● **ASSIGNED TASK**
Please write out all of the data below exactly, without including the pictures.

● **DATA EXCERPTS**

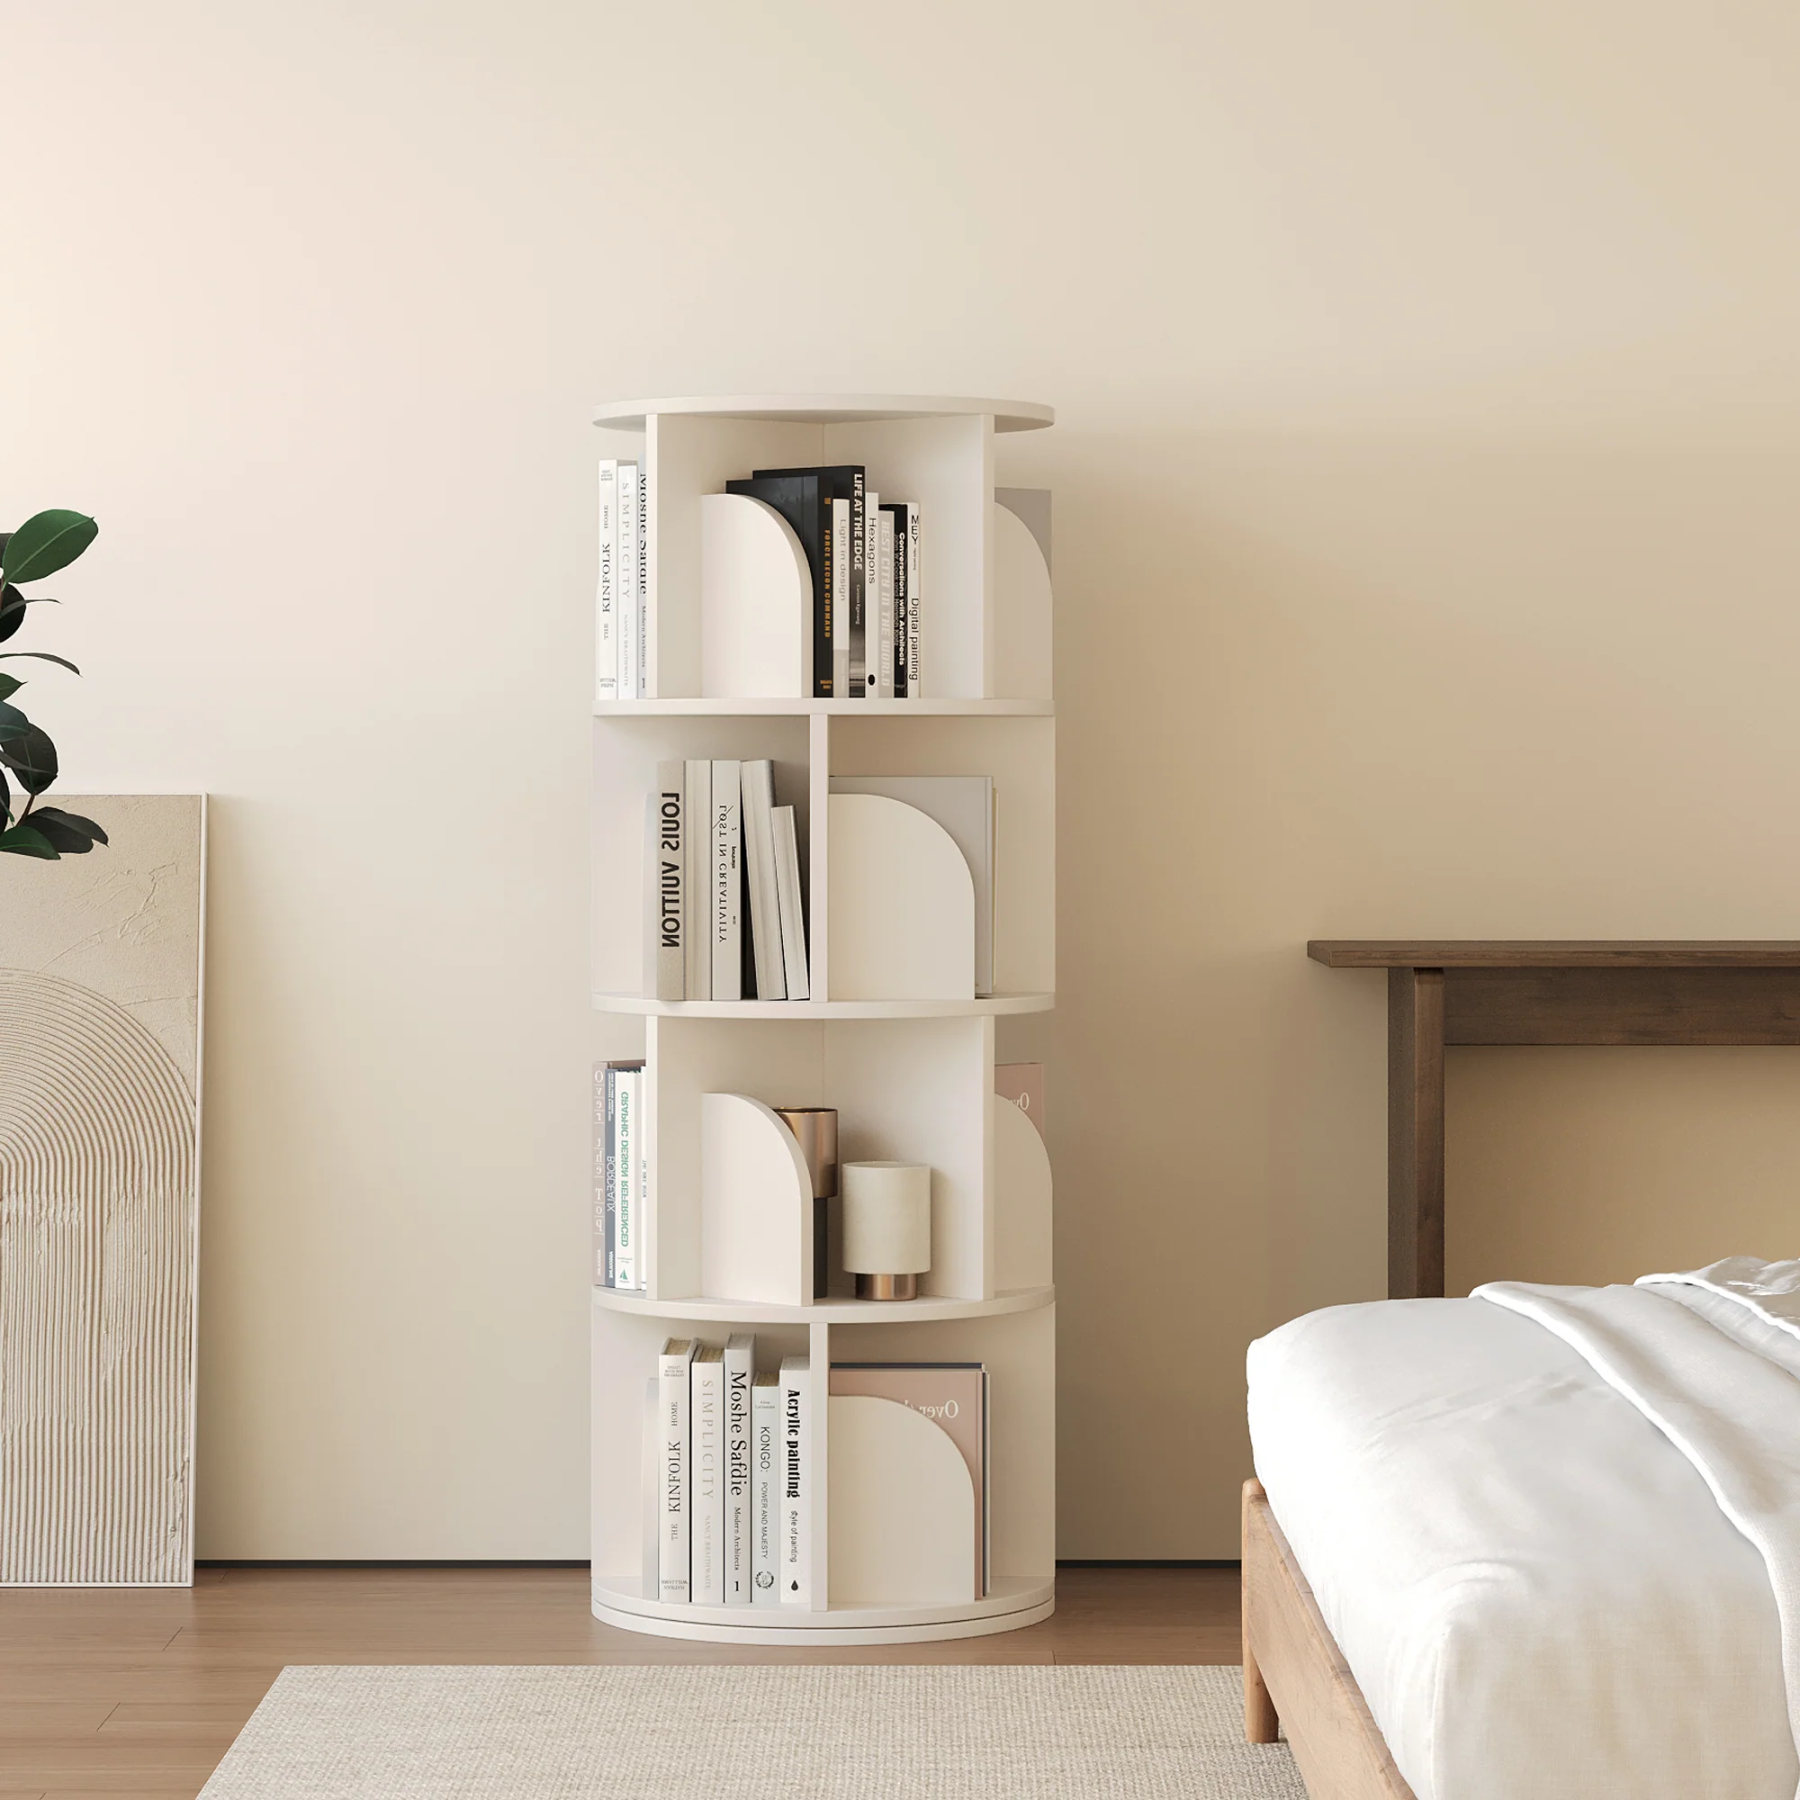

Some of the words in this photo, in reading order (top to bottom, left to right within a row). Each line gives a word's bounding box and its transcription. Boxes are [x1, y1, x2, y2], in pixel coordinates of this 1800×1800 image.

[854, 474, 862, 497] LIFE
[854, 499, 862, 515] AT
[854, 516, 862, 538] THE
[622, 482, 630, 598] SIMPLICITY
[840, 550, 846, 560] in
[854, 540, 862, 570] EDGE
[867, 517, 877, 584] Hexagons
[881, 522, 890, 554] BEST
[602, 543, 611, 613] KINFOLK
[881, 557, 891, 586] CITY
[881, 610, 891, 635] THE
[909, 597, 919, 633] Digital
[881, 640, 891, 687] WORLD
[909, 636, 919, 681] painting
[730, 1371, 747, 1433] Moshe
[786, 1389, 801, 1436] Acrylic
[702, 1380, 714, 1500] SIMPLICITY
[760, 1427, 770, 1472] KONGO:
[668, 1441, 681, 1514] KINFOLK
[730, 1440, 747, 1496] Safdie
[786, 1440, 801, 1499] painting
[790, 1510, 798, 1526] style
[790, 1527, 798, 1535] of
[790, 1536, 798, 1563] painting

● **TASK ANSWER**
Some of the words in this photo, in reading order (top to bottom, left to right within a row). Each line gives a word's bounding box and its transcription. Boxes are [x1, y1, x2, y2], in pixel coordinates of this 1800×1800 image.

[854, 474, 862, 497] LIFE
[854, 499, 862, 515] AT
[854, 516, 862, 538] THE
[622, 482, 630, 598] SIMPLICITY
[840, 550, 846, 560] in
[854, 540, 862, 570] EDGE
[867, 517, 877, 584] Hexagons
[881, 522, 890, 554] BEST
[602, 543, 611, 613] KINFOLK
[881, 557, 891, 586] CITY
[881, 610, 891, 635] THE
[909, 597, 919, 633] Digital
[881, 640, 891, 687] WORLD
[909, 636, 919, 681] painting
[730, 1371, 747, 1433] Moshe
[786, 1389, 801, 1436] Acrylic
[702, 1380, 714, 1500] SIMPLICITY
[760, 1427, 770, 1472] KONGO:
[668, 1441, 681, 1514] KINFOLK
[730, 1440, 747, 1496] Safdie
[786, 1440, 801, 1499] painting
[790, 1510, 798, 1526] style
[790, 1527, 798, 1535] of
[790, 1536, 798, 1563] painting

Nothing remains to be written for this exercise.